The school is reflective of what takes place in other Afrocentric schools, with the achievements of Black people a central part of the curriculum, students addressing teachers by titles, and the use of suspension only as a last resort. Further, students are greeted with the sounds of African drums, and raise their fists to the red, black and green Pan-African flag.
“We are African people,” they say in harmony, emphasizing that they “stress the development of our bodies, minds, souls and consciousness” and are committed to “sustainable living, self-determination and self-respect.”
However, such schools have faced dire straits due to the objections to Black Power by white elites, the issue of standardized test scores, and competition from large, well-to-do charter school networks.
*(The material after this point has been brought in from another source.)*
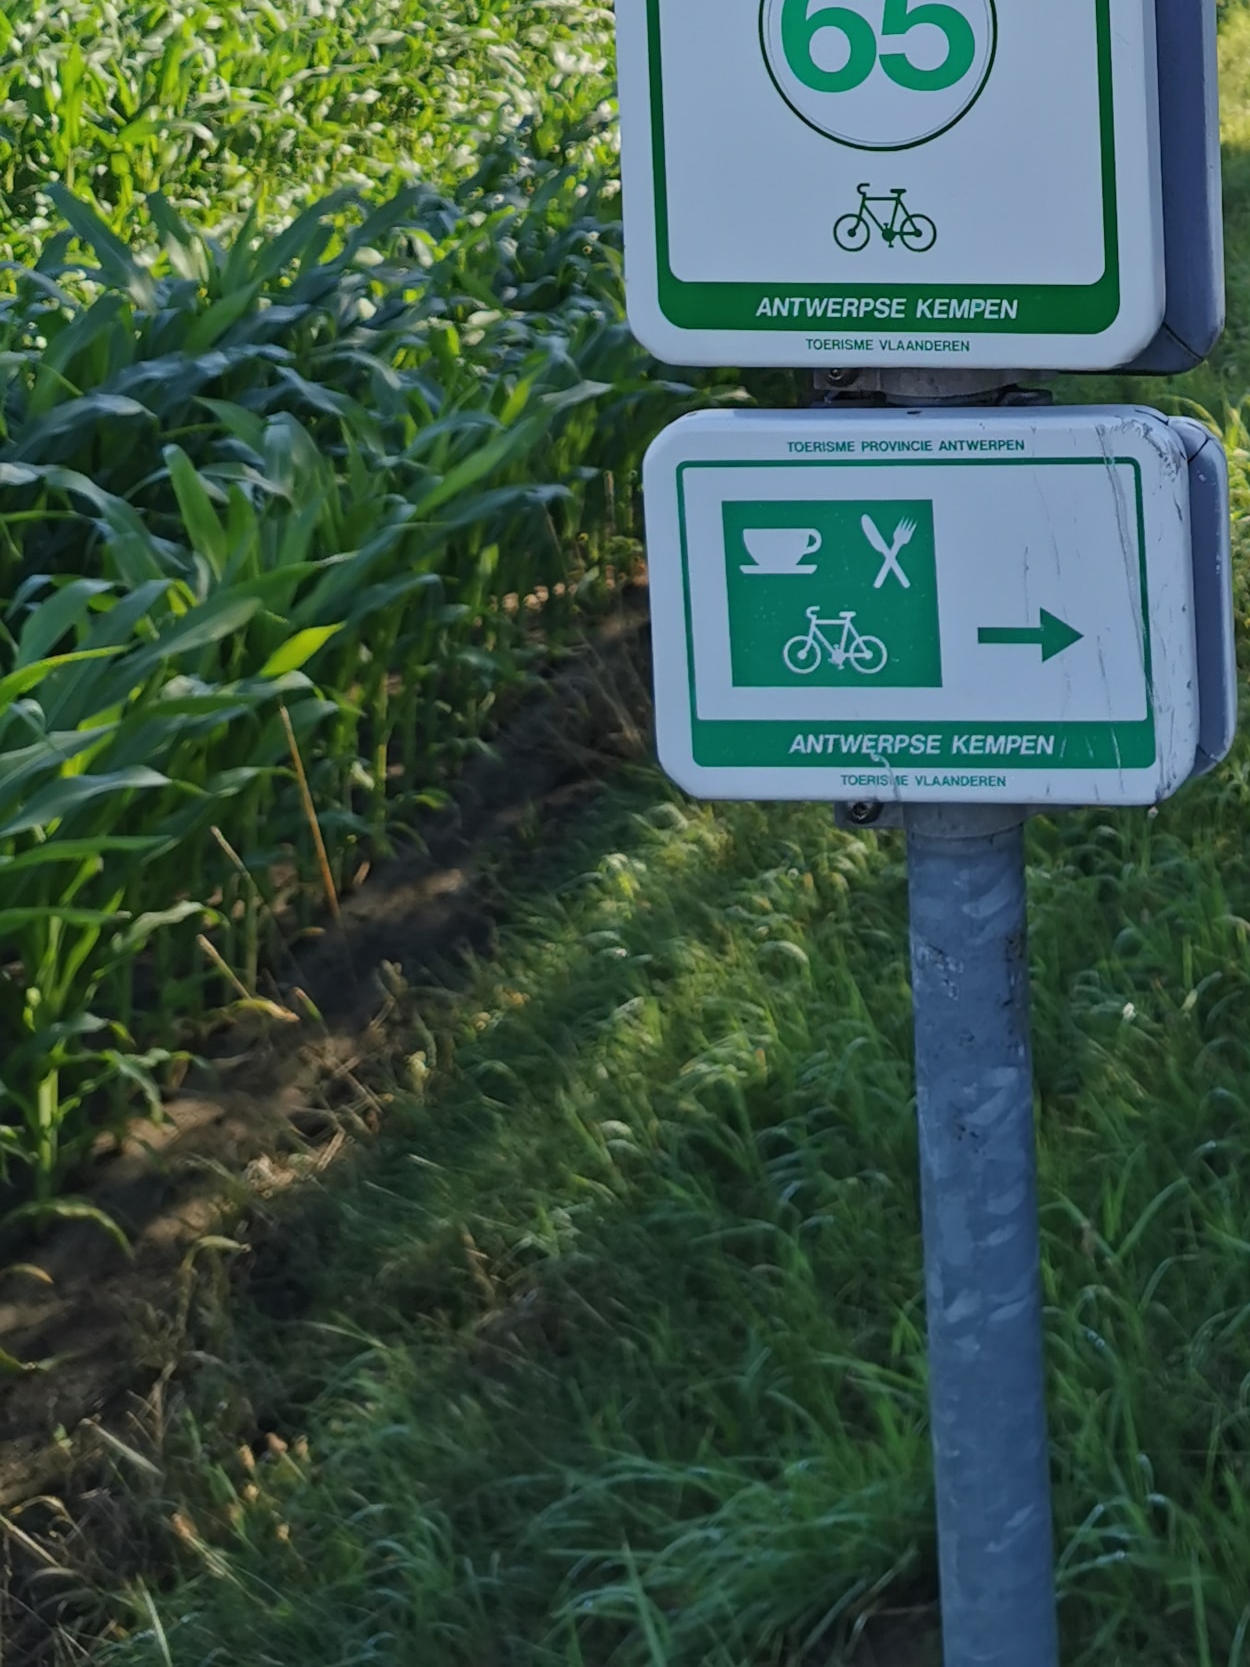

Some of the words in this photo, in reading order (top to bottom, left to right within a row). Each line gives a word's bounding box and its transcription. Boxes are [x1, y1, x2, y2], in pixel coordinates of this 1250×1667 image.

Sizemore is part of a network of three Afrocentric charter schools dating back to the 1970s, stemming from the efforts of Carol D. Lee, professor of education and social policy at Northwestern University, and her husband, Haki R. Madhubuti. The other schools are the Betty Shabazz Academy, also K-8, and DuSable Leadership Academy, a high school.
The benefits of an African-centered education are clear, as it develops African-centered consciousness and self-identity, produces Black leaders and institution builders, and empowers children with pride as a safeguard against racism.
“Public schools have failed African-American students, which is shown in lower graduation rates and lower achievement,” said Lee in a Florida Times-Union report. “African-centric schools have sprung from the belief that African-American students living in a society with a history of racism and stereotypes need a form of socialization that provides them with sociological buffers,” she added, noting that graduates of such schools have gone on to prestigious universities.
“They all work very effectively in their professional lives because they assume the world is open to them. Our point simply is we can view the world through the perspective of the people of Africa. Africa is the mother of civilization,” Lee said.
As Temple University professor Molefi Kete Asante wrote in 1991 in Educational Leadership, many Black children lack direction and confidence because they are not culturally empowered or centered in the classroom.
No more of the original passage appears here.